Vivemos, sim, um momento de enorme incerteza. A confiança do investidor — e, mais ainda, a do empresariado — está sendo minada: é praticamente impossível fazer projeções de longo prazo diante de tamanha falta de visibilidade. Como alertou Bill Ackman: “As tarifas são o início de uma guerra econômica nuclear.”
Pense, ilustrativamente, em um investidor americano que decide vender seus títulos de renda fixa para abrir uma padaria. Em seu plano de negócios contempla a compra de equipamentos, custo dos insumos, planejamento tributário, funcionários etc. De repente, o governo impõe uma tarifa de 25% sobre o trigo importado do Canadá — o maior fornecedor de farinha dos EUA, responsável por cerca de 85% das importações. O custo da matéria-prima dispara. Todas as projeções estão ameaçadas. Foi exatamente isso que aconteceu no chamado “Dia da Libertação” — nome dado por Trump ao anunciar uma nova rodada de tarifas.
O investidor decide então manter seus recursos em Treasuries (títulos da dívida americana), mas, no dia seguinte, é lembrado pela manchete do jornal de que um dos grandes riscos discutidos atualmente é a crescente incerteza fiscal nos próprios Estados Unidos… quem diria.

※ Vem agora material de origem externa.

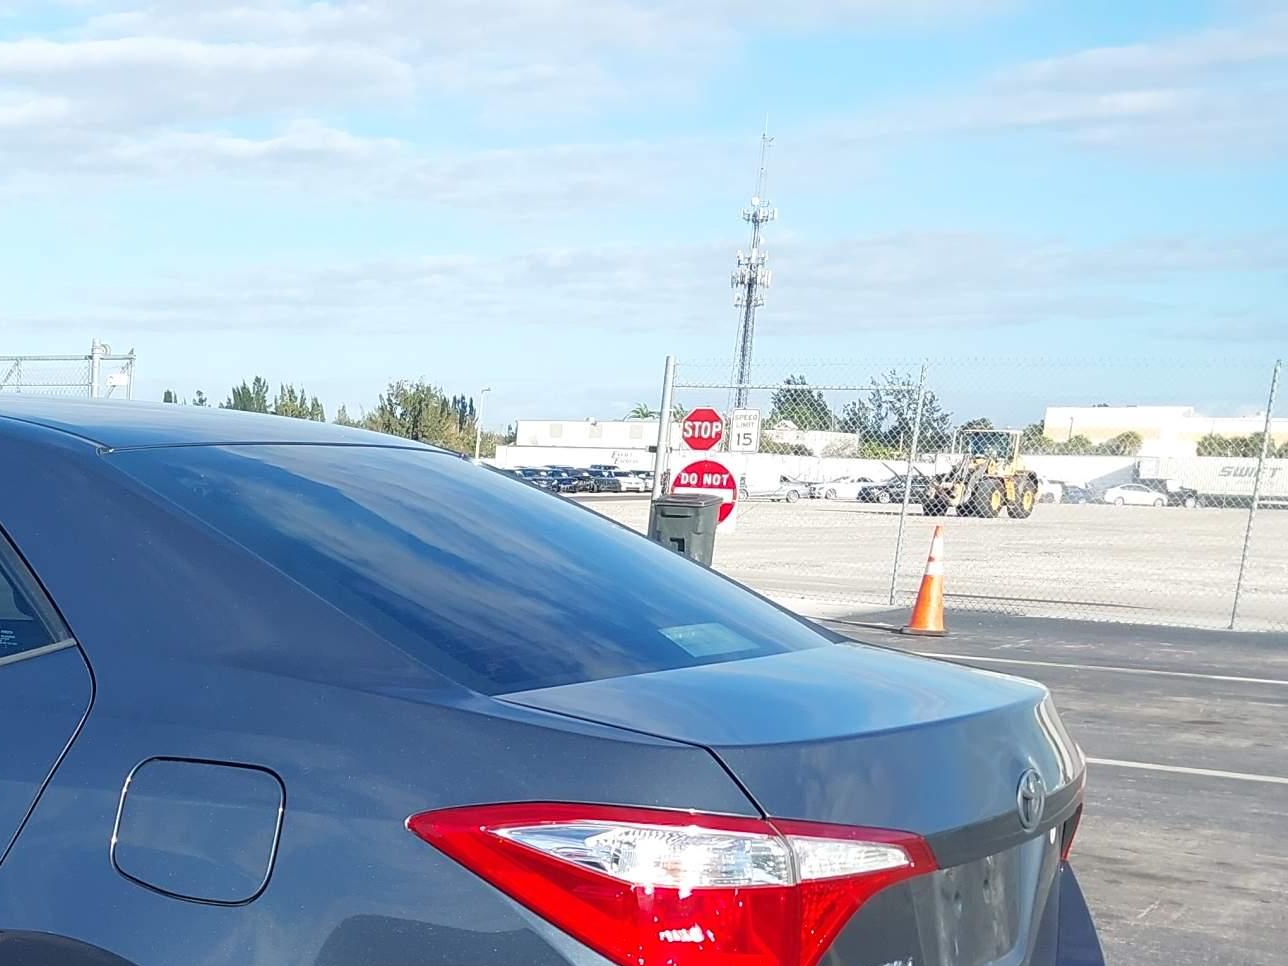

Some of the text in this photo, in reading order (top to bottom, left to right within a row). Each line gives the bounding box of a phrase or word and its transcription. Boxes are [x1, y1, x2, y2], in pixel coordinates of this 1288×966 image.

[683, 421, 722, 439] STOP
[736, 433, 753, 446] 15
[680, 472, 730, 486] DO NOT

Um dos conselheiros econômicos de Donald Trump, chegou a sugerir uma proposta de trocar parte da dívida atual dos EUA por títulos perpétuos de cupom zero. Ou seja, papéis que nunca vencem e que não pagam juros — o governo não amortizaria essa dívida, e os títulos apenas “existiriam” no mercado.
Em paralelo, projetam-se retaliações comerciais, pressão inflacionária, elevação dos juros futuros e, inevitavelmente, uma economia global menos dinâmica. E isso sem falar no ambiente geopolítico conflituoso, na desaceleração da China, no impacto da inteligência artificial sobre os empregos e nos efeitos das mudanças climáticas.
É verdade, tudo isso dá medo.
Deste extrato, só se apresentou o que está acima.